Chester school pupils are taking part in a controversial vaccination programme. JO HENWOOD reports
Hundreds of 12- and 13-year-old girls in Chester are taking part in a Government immunisation programme to combat cervical cancer.
The HPV (Human Papilloma Virus) vaccine is being offered to Year 8 pupils through schools by NHS school health advisers.
Within the next six months the girls will be given a course of three injections against the two types of HPV which are known to cause more than 70% of cervical cancers. The vaccine has the potential to save about 400 lives each year.
Schools have been informing girls about the vaccine through assemblies and presentations.
The deputy headteacher of The Queen’s School in Chester, Irene Jones, said: “Letters were sent to parents in June outlining details of the vaccine programme. In July we were visited by two school health team leaders who gave the girls a 20- minute presentation about cervical cancer and the benefits of the vaccine.
“This was followed by an animated question-and-answer session with all sorts of questions from the girls, including ‘will it hurt?’, ‘what are the side effects?’ and ‘what evidence is there that this will protect me from cancer?’”
There has been some controversy surrounding the vaccine, including the Government’s decision to use the Cerverix vaccination, which protects against two of the HPV viruses, over Gardasil, which protects against four, including the virus that causes genital warts. Although genital warts are not life- threatening there are 10,000 new cases in England every year.
Dr Colm O’Mahoney of the Department of Sexual Health (GUM) at the Countess of Chester Foundation Trust said: “It is good news that the Government has decided to introduce this vaccine for 12- and 13-year-old girls. My regret is that they didn’t choose Gardasil, which would offer the added protection against genital warts. We see about 800 new cases in our clinic at Chester every year.”
Wendy Meredith, director of public health for Western Cheshire and Cheshire County Council, defends the choice of Cerverix.
She said: “The aim of the campaign is to reduce rates of cervical cancer. The Department of Health chose the vaccine that best met the pre-set selection criteria for preventing cervical cancer. The vaccine provides protection criteria against the two types of HPV that cause more than 70% of cervical cancers. It is 99% effective.”
As HPV is sexually transmitted, the Government has also been accused of cost-cutting by not offering the vaccine to boys.
Wendy responded: “As boys do not suffer from cervical cancer, the benefits of this vaccination programme are less for boys than for girls. By vaccinating girls, however, this reduces the transmission of infections to boys, which should lead to a reduction in the rarer other forms of cancer caused by these two types of HPV in both boys and girls.”
Some religious groups are opposed to the vaccine for fear that it will encourage promiscuity. A Roman Catholic high school in Manchester recently refused permission for its girls to be vaccinated on the premises, stating a school was not the right place to receive injections.
John Murray, headteacher of Chester Catholic High School, is supporting the programme and sent a letter to parents outlining the Catholic Education Service’s view of the immunisation programme.
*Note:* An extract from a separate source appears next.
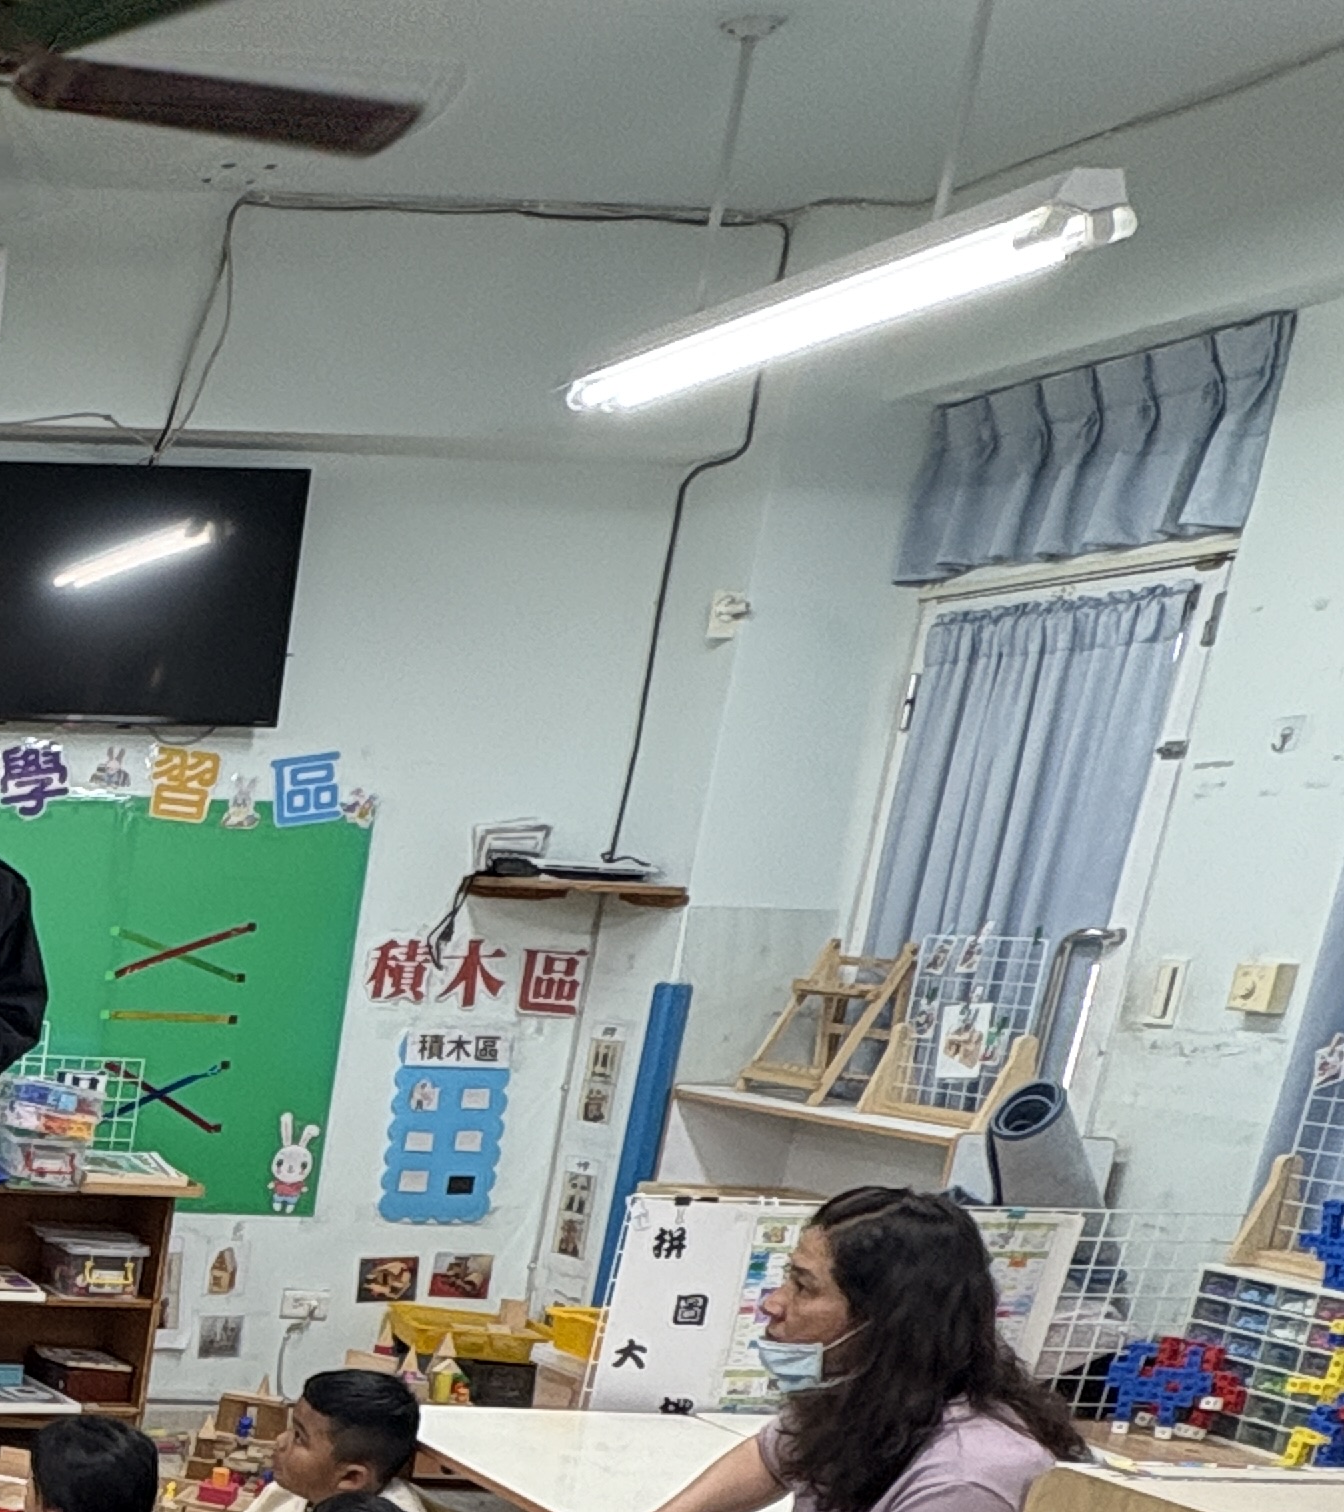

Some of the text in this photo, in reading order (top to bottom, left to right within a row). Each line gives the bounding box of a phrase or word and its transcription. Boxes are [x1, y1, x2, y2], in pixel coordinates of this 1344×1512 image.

[365, 938, 590, 1015] 積木區
[418, 1034, 501, 1062] 積木區
He quoted a statement from the CES in June which said: “The availability of vaccination against HPV offers the prospect of saving hundreds of lives each year and protecting the health of many more women and the well-being of their families.”
It concludes: “There is nothing in Catholic teaching to suggest that there is anything wrong with the use of vaccination against this disease, nor does it undermine the Church’s teachings in regard to human relationships and sexual activity.Š It remains important that all safe and moral steps are taken to protect people from the virus.Š This includes good relationships education in both home and at school and also the opportunity to have this optional vaccination while a teenager.”
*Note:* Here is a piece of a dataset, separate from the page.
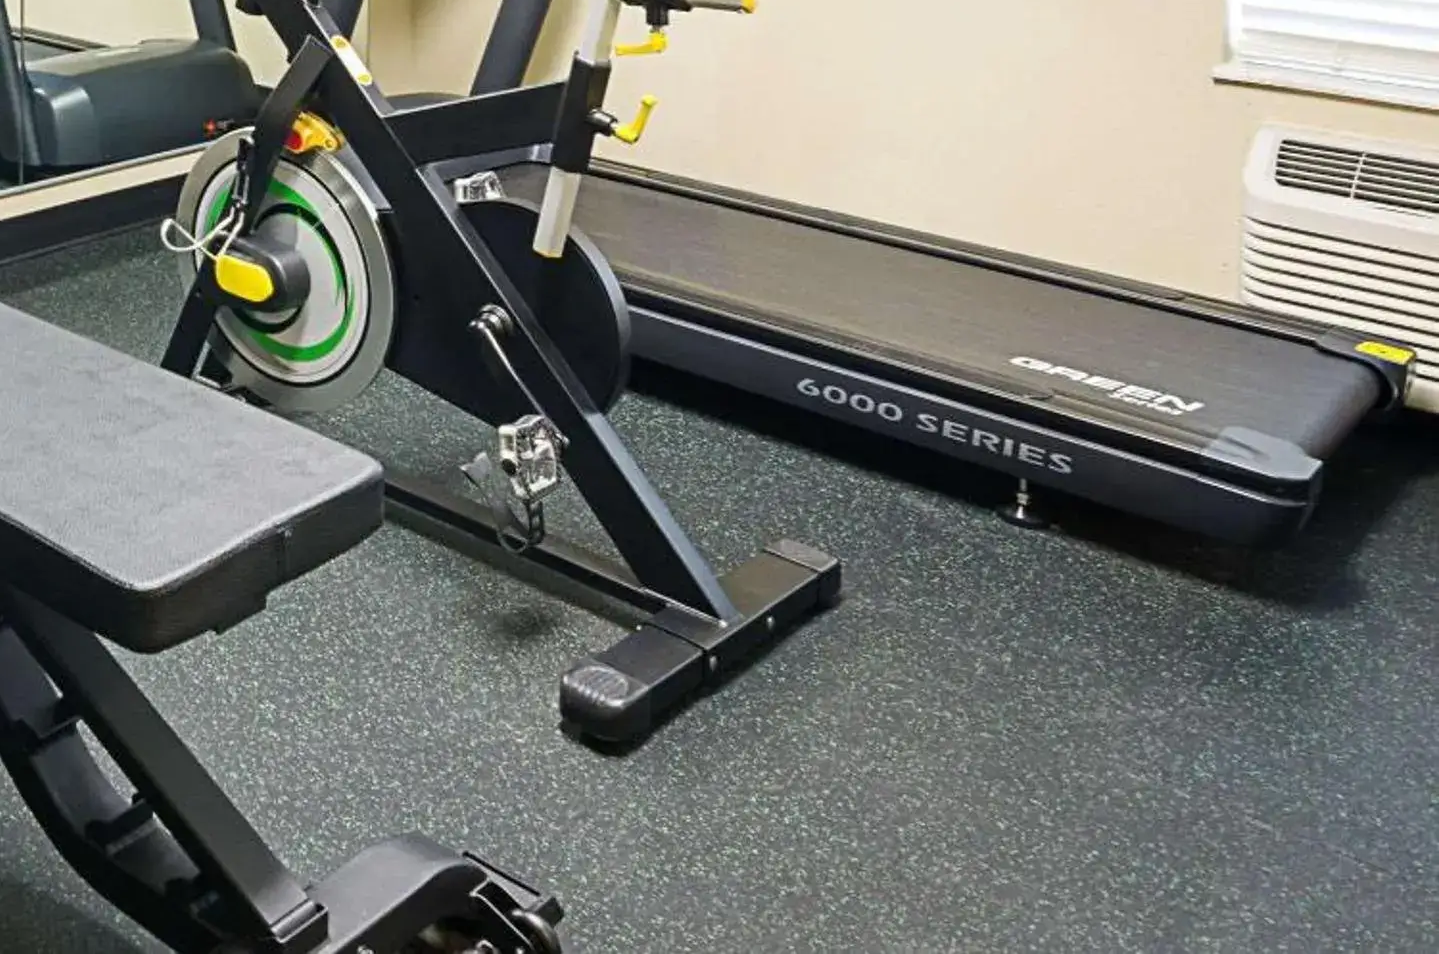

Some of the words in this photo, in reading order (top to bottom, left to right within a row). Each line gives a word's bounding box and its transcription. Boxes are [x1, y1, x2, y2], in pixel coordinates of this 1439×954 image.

[1009, 356, 1205, 412] GREEN
[796, 377, 904, 422] 6000
[915, 412, 1073, 475] SERIES
Erica Cowley, mother of 12-year-old Kathryn, said: “I am very pleased with the way the school has dealt with this. Kathryn and I have sat down and discussed the vaccine and she is very well informed.”
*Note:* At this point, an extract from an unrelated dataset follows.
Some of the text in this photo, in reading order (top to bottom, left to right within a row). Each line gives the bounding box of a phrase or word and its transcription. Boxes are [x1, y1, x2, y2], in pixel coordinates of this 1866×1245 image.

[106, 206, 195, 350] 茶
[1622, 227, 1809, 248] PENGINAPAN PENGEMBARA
This year, only girls aged 17 and 18 will be offered the vaccination by their own GP practice as not all girls of this age are still at school.
A two-year ‘catch-up’ programme will start in 2009-10 to vaccinate girls aged 15-18. This will ensure that by summer 2011 all girls currently up to the age of 18 will be protected.
Wendy added: “I’m pleased to say that the vaccination campaign is now up and running and going to plan. Although it is early days, 88% of eligible girls who have been invited have already been immunised in local schools and I’d like to thank parents and our colleagues in schools for their support and co-operation in getting us off to such a good start.”
The second phase of the vaccination campaign is due to start on Monday, October 20, when girls in the target age group receive their second dose of the HPV vaccine.
Any girls who have missed out on their first dose of the vaccine have an opportunity to join the programme in this second phase. For further information, parents or carers should contact their daughter’s school health adviser.
According to the Health Protection Agency, the anticipated uptake rate is 90% of eligible girls by 2011.